## ACTION ITEM:
The data must be transcribed exactly, with no line missing.

◆ ◆ ◆

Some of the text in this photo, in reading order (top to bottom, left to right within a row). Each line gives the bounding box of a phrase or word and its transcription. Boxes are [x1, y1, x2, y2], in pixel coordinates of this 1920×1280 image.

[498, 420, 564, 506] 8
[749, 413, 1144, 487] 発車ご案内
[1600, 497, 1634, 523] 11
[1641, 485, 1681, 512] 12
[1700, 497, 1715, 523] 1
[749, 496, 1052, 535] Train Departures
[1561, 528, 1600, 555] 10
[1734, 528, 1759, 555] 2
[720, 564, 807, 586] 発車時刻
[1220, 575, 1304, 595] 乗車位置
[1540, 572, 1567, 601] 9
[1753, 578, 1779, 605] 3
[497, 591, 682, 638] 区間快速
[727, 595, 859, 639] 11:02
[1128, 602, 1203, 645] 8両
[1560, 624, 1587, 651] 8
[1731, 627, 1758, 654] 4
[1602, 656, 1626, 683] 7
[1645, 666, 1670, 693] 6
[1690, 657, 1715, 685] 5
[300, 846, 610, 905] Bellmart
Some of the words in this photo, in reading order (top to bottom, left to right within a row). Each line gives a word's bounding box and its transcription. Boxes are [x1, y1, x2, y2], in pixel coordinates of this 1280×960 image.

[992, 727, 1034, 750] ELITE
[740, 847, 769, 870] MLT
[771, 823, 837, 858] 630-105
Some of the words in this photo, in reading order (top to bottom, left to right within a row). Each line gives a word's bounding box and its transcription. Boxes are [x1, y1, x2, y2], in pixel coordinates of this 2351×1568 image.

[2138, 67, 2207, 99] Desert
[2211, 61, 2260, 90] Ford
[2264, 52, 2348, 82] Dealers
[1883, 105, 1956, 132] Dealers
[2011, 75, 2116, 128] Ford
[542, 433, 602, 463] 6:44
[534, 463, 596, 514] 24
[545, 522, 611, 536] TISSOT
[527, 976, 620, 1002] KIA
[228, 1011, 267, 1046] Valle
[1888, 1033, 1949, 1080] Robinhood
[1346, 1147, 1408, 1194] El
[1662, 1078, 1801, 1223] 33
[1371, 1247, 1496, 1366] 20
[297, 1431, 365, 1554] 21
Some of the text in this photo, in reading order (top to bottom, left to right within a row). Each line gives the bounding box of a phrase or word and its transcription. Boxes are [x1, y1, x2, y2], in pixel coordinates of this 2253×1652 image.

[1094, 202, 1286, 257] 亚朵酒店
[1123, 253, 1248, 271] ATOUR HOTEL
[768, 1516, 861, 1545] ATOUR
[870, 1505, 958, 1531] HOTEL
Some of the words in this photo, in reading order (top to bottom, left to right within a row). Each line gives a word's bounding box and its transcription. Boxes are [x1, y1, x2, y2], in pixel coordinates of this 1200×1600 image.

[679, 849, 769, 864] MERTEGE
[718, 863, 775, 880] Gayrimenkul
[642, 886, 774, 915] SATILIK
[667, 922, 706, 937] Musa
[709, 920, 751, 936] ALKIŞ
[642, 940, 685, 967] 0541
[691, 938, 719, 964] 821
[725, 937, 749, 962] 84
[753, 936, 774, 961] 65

◆ ◆ ◆

## PROBLEM SOLUTION:
Some of the text in this photo, in reading order (top to bottom, left to right within a row). Each line gives the bounding box of a phrase or word and its transcription. Boxes are [x1, y1, x2, y2], in pixel coordinates of this 1920×1280 image.

[498, 420, 564, 506] 8
[749, 413, 1144, 487] 発車ご案内
[1600, 497, 1634, 523] 11
[1641, 485, 1681, 512] 12
[1700, 497, 1715, 523] 1
[749, 496, 1052, 535] Train Departures
[1561, 528, 1600, 555] 10
[1734, 528, 1759, 555] 2
[720, 564, 807, 586] 発車時刻
[1220, 575, 1304, 595] 乗車位置
[1540, 572, 1567, 601] 9
[1753, 578, 1779, 605] 3
[497, 591, 682, 638] 区間快速
[727, 595, 859, 639] 11:02
[1128, 602, 1203, 645] 8両
[1560, 624, 1587, 651] 8
[1731, 627, 1758, 654] 4
[1602, 656, 1626, 683] 7
[1645, 666, 1670, 693] 6
[1690, 657, 1715, 685] 5
[300, 846, 610, 905] Bellmart
Some of the words in this photo, in reading order (top to bottom, left to right within a row). Each line gives a word's bounding box and its transcription. Boxes are [x1, y1, x2, y2], in pixel coordinates of this 1280×960 image.

[992, 727, 1034, 750] ELITE
[740, 847, 769, 870] MLT
[771, 823, 837, 858] 630-105
Some of the words in this photo, in reading order (top to bottom, left to right within a row). Each line gives a word's bounding box and its transcription. Boxes are [x1, y1, x2, y2], in pixel coordinates of this 2351×1568 image.

[2138, 67, 2207, 99] Desert
[2211, 61, 2260, 90] Ford
[2264, 52, 2348, 82] Dealers
[1883, 105, 1956, 132] Dealers
[2011, 75, 2116, 128] Ford
[542, 433, 602, 463] 6:44
[534, 463, 596, 514] 24
[545, 522, 611, 536] TISSOT
[527, 976, 620, 1002] KIA
[228, 1011, 267, 1046] Valle
[1888, 1033, 1949, 1080] Robinhood
[1346, 1147, 1408, 1194] El
[1662, 1078, 1801, 1223] 33
[1371, 1247, 1496, 1366] 20
[297, 1431, 365, 1554] 21
Some of the text in this photo, in reading order (top to bottom, left to right within a row). Each line gives the bounding box of a phrase or word and its transcription. Boxes are [x1, y1, x2, y2], in pixel coordinates of this 2253×1652 image.

[1094, 202, 1286, 257] 亚朵酒店
[1123, 253, 1248, 271] ATOUR HOTEL
[768, 1516, 861, 1545] ATOUR
[870, 1505, 958, 1531] HOTEL
Some of the words in this photo, in reading order (top to bottom, left to right within a row). Each line gives a word's bounding box and its transcription. Boxes are [x1, y1, x2, y2], in pixel coordinates of this 1200×1600 image.

[679, 849, 769, 864] MERTEGE
[718, 863, 775, 880] Gayrimenkul
[642, 886, 774, 915] SATILIK
[667, 922, 706, 937] Musa
[709, 920, 751, 936] ALKIŞ
[642, 940, 685, 967] 0541
[691, 938, 719, 964] 821
[725, 937, 749, 962] 84
[753, 936, 774, 961] 65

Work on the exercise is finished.